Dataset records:

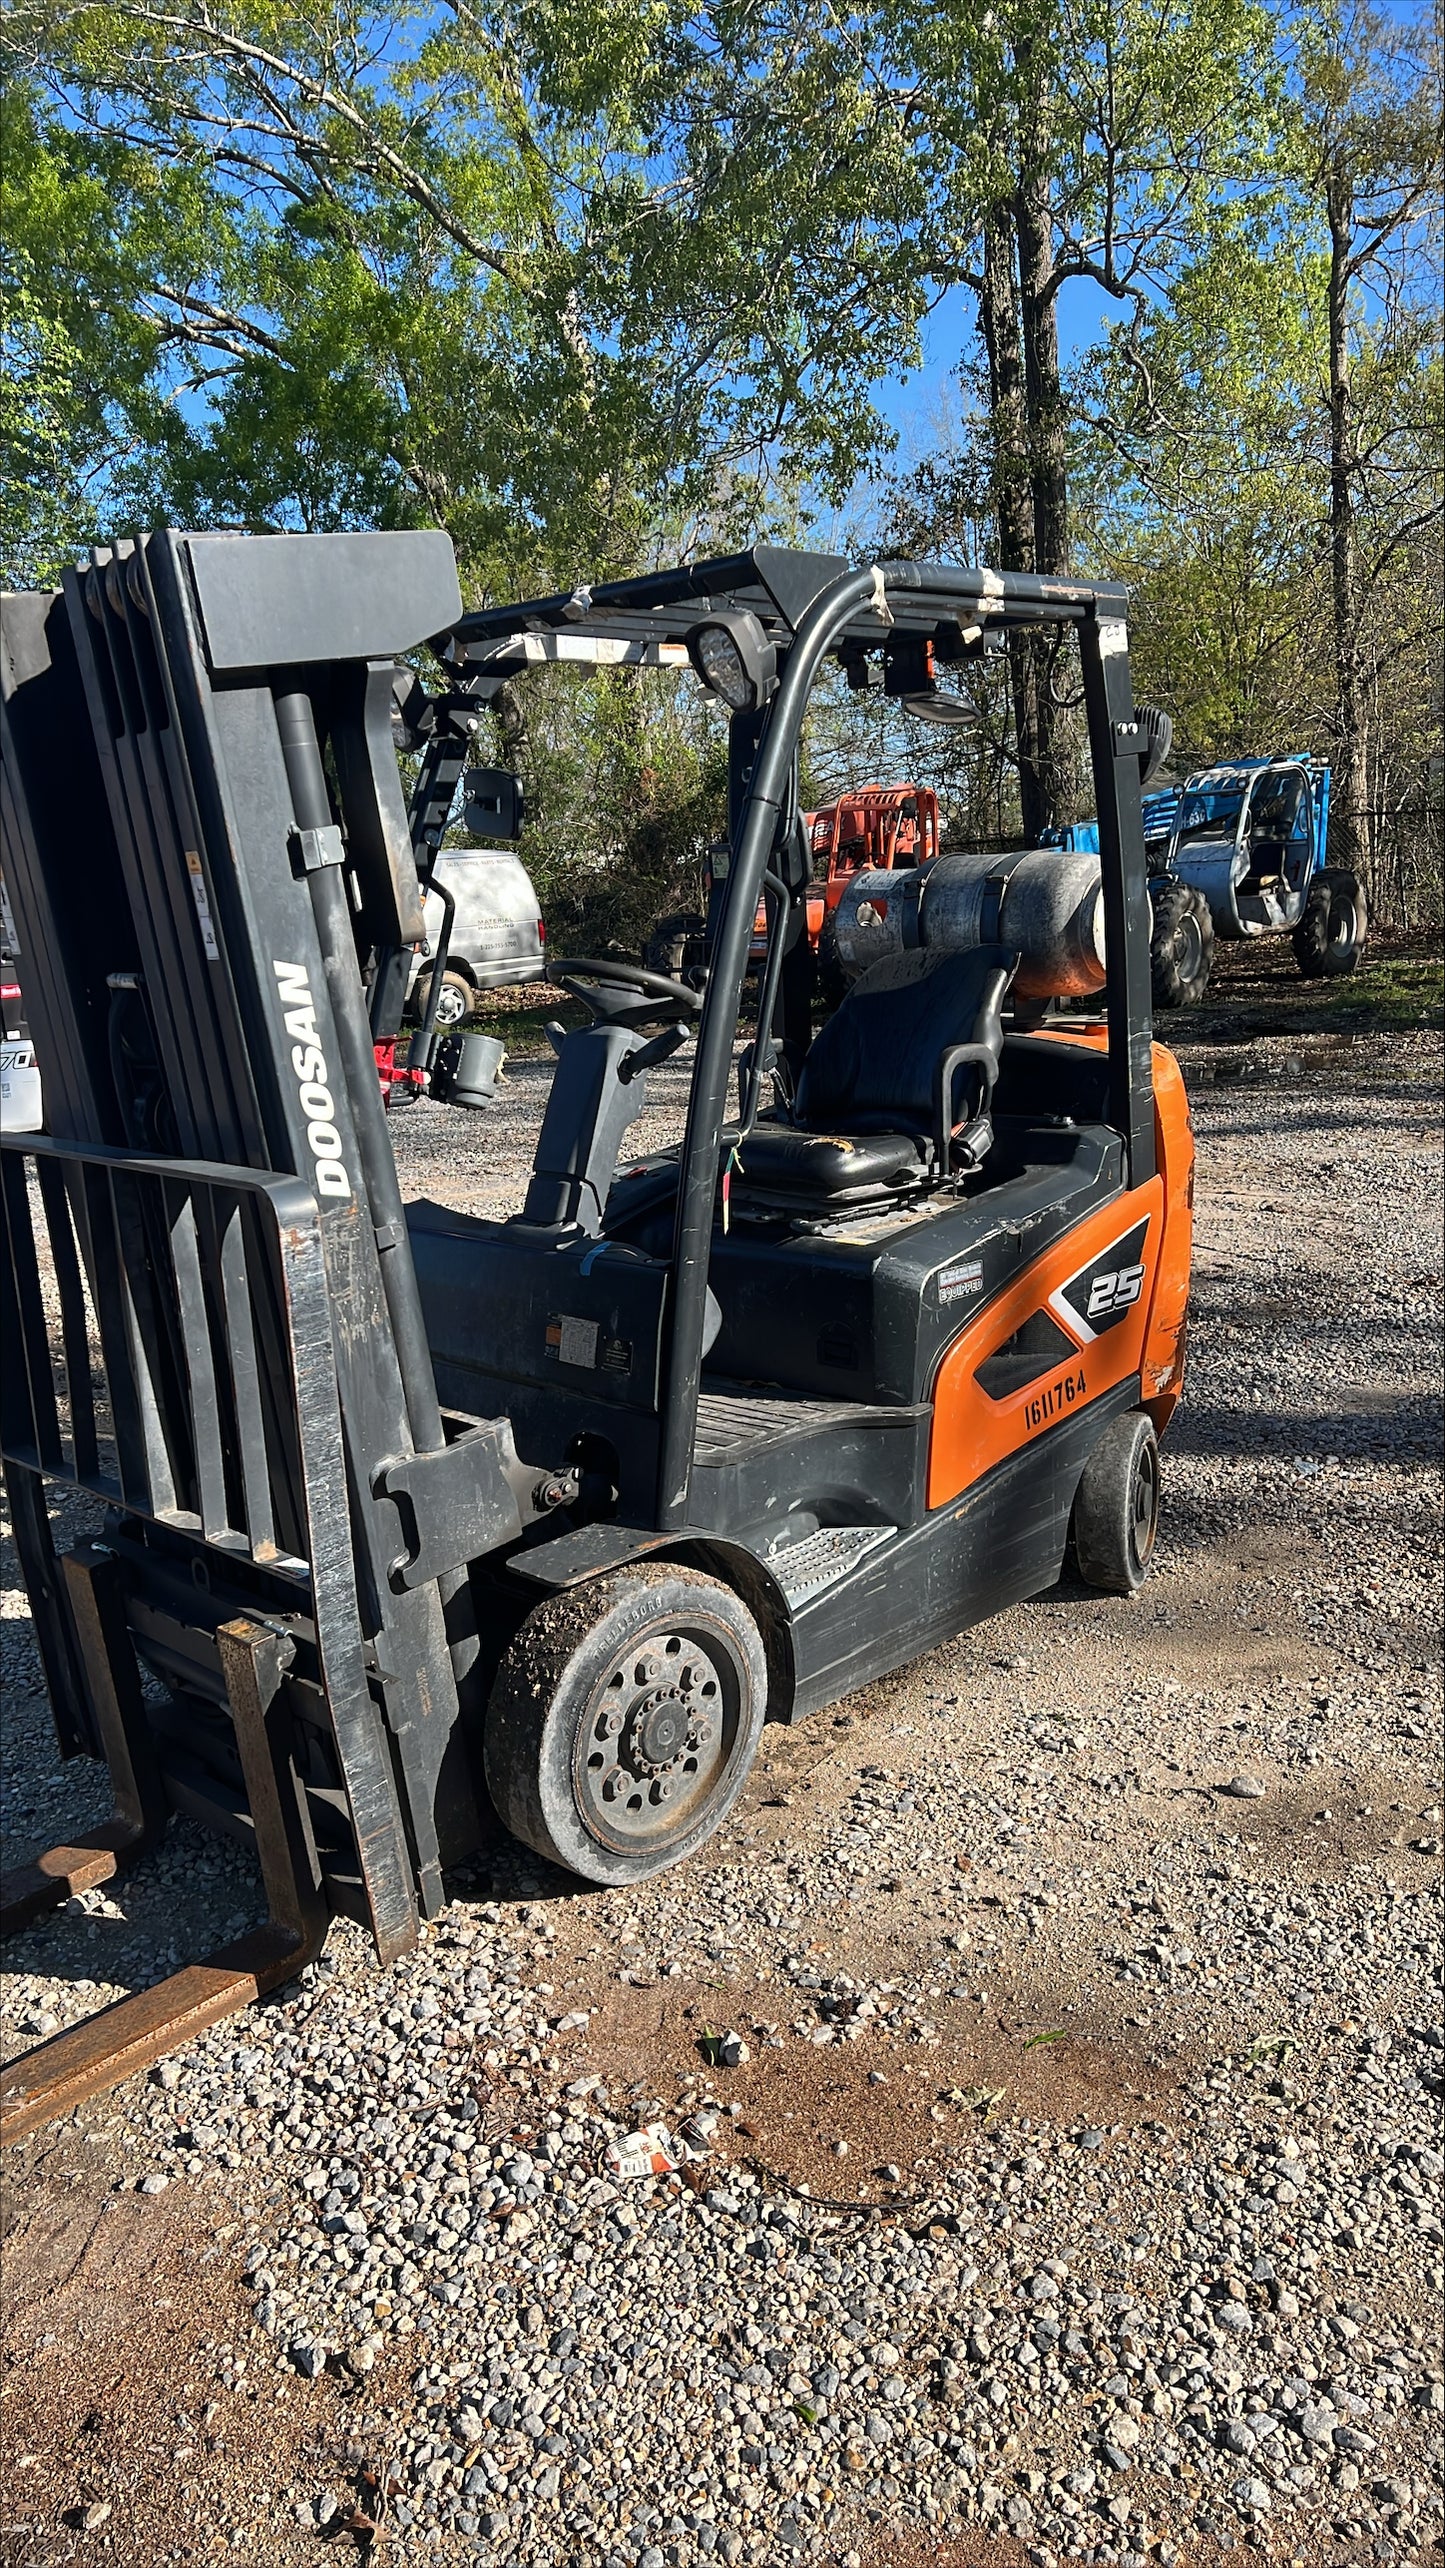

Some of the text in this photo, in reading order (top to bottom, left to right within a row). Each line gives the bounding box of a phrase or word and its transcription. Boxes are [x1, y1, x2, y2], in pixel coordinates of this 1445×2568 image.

[477, 917, 512, 926] MATERIAL
[273, 960, 351, 1197] DOOSAN
[939, 1278, 983, 1301] EQUIPPED
[1087, 1264, 1146, 1318] 25
[1024, 1369, 1087, 1431] 1611764

▶ _Instructions for the task_
A faithful copy of all the entries is required, pictures excluded.

▶ _Written answer_
Some of the text in this photo, in reading order (top to bottom, left to right within a row). Each line gives the bounding box of a phrase or word and its transcription. Boxes are [x1, y1, x2, y2], in pixel coordinates of this 1445×2568 image.

[477, 917, 512, 926] MATERIAL
[273, 960, 351, 1197] DOOSAN
[939, 1278, 983, 1301] EQUIPPED
[1087, 1264, 1146, 1318] 25
[1024, 1369, 1087, 1431] 1611764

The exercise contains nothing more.